Given data below:

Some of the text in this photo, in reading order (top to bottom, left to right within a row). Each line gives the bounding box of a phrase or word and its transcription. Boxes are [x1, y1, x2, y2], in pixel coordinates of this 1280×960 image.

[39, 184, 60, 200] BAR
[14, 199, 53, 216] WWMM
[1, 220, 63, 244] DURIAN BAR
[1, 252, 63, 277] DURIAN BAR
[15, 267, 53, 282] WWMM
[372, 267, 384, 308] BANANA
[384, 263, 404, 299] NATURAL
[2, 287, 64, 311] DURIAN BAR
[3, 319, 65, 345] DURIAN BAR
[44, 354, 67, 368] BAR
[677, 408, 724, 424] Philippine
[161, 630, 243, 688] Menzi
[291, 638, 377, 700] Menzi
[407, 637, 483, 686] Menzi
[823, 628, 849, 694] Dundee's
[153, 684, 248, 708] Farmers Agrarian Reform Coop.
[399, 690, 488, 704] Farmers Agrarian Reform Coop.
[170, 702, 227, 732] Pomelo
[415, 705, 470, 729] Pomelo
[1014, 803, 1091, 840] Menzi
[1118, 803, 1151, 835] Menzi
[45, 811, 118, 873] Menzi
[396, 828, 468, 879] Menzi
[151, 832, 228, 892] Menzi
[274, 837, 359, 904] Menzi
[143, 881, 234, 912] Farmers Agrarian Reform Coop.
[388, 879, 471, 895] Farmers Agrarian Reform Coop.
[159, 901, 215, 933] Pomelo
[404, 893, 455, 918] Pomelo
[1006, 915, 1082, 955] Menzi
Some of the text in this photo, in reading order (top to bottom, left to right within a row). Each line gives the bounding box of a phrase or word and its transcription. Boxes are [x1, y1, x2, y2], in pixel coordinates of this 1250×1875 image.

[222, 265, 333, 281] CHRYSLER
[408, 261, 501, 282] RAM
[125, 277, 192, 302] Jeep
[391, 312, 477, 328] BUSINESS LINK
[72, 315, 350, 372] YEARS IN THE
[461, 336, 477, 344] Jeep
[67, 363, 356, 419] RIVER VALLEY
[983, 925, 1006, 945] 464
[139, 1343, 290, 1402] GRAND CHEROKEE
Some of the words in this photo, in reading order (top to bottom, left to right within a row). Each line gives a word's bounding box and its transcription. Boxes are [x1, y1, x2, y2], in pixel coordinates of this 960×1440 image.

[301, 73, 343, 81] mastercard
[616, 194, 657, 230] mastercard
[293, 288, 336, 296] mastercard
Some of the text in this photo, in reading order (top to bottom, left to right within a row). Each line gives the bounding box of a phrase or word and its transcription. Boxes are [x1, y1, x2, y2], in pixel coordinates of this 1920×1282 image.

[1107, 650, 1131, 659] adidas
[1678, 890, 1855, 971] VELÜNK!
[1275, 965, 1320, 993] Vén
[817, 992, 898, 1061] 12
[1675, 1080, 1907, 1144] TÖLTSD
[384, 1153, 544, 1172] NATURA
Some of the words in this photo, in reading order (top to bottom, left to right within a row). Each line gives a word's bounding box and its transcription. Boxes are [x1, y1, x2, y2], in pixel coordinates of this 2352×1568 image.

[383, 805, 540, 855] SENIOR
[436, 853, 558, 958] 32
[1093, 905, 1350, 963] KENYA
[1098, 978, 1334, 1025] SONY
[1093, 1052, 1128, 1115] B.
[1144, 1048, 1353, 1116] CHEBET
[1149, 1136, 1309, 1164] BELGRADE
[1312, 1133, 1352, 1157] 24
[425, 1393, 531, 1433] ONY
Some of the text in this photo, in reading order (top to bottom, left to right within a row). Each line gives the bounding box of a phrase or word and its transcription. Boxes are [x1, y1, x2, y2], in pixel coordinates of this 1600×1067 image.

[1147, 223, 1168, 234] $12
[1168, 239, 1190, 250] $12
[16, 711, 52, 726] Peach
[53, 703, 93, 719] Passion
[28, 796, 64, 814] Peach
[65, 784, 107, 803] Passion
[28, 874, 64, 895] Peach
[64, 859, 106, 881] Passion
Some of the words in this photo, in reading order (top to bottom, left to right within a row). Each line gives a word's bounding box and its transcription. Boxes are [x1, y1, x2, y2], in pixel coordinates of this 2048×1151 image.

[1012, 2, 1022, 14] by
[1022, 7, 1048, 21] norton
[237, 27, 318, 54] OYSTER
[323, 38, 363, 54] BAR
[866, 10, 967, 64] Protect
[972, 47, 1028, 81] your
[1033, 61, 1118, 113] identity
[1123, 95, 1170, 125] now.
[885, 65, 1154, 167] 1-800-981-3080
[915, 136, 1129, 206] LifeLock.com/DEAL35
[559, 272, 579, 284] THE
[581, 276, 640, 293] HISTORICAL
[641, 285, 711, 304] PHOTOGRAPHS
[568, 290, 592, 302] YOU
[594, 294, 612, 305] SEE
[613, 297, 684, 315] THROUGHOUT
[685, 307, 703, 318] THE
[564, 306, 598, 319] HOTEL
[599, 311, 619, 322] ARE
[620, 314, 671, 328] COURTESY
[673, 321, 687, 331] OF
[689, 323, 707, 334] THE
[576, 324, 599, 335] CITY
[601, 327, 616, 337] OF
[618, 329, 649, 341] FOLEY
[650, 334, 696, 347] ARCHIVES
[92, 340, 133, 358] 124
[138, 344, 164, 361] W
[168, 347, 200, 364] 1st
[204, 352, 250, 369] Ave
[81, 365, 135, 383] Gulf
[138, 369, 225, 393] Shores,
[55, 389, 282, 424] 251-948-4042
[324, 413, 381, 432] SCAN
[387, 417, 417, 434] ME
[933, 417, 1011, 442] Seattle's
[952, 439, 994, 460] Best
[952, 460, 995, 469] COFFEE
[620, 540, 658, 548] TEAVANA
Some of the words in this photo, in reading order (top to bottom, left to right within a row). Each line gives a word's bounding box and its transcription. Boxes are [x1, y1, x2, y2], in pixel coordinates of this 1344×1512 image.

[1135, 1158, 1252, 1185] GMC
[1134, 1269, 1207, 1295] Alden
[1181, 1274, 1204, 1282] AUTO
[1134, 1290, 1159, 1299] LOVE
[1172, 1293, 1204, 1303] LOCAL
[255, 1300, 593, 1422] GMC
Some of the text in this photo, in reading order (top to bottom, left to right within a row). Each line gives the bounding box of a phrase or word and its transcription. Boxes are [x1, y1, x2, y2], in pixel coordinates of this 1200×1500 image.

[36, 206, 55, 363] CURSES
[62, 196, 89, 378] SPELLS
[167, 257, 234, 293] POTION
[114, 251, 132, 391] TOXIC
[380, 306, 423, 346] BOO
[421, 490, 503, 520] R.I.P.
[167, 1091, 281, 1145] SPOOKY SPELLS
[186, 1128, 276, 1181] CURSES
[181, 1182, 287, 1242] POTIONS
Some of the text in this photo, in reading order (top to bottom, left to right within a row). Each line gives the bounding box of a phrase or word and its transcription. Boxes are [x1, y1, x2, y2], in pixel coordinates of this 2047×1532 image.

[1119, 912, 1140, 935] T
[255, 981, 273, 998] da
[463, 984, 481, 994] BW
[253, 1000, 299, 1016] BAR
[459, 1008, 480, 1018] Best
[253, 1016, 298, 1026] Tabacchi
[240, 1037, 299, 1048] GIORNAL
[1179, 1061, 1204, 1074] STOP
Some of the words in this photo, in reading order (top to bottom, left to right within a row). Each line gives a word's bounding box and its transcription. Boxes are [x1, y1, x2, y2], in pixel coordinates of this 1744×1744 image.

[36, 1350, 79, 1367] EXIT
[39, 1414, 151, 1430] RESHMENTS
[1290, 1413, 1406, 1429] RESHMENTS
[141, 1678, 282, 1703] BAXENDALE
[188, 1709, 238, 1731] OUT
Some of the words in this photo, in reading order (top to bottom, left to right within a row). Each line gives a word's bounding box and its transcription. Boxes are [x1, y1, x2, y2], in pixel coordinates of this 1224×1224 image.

End of Given data.

Task:
The span to give again runs from the line with "this 2047×1532 image." through the last line of the records above; reproduce it exactly and nothing more.

Result of this exercise:
Some of the text in this photo, in reading order (top to bottom, left to right within a row). Each line gives the bounding box of a phrase or word and its transcription. Boxes are [x1, y1, x2, y2], in pixel coordinates of this 2047×1532 image.

[1119, 912, 1140, 935] T
[255, 981, 273, 998] da
[463, 984, 481, 994] BW
[253, 1000, 299, 1016] BAR
[459, 1008, 480, 1018] Best
[253, 1016, 298, 1026] Tabacchi
[240, 1037, 299, 1048] GIORNAL
[1179, 1061, 1204, 1074] STOP
Some of the words in this photo, in reading order (top to bottom, left to right within a row). Each line gives a word's bounding box and its transcription. Boxes are [x1, y1, x2, y2], in pixel coordinates of this 1744×1744 image.

[36, 1350, 79, 1367] EXIT
[39, 1414, 151, 1430] RESHMENTS
[1290, 1413, 1406, 1429] RESHMENTS
[141, 1678, 282, 1703] BAXENDALE
[188, 1709, 238, 1731] OUT
Some of the words in this photo, in reading order (top to bottom, left to right within a row). Each line gives a word's bounding box and its transcription. Boxes are [x1, y1, x2, y2], in pixel coordinates of this 1224×1224 image.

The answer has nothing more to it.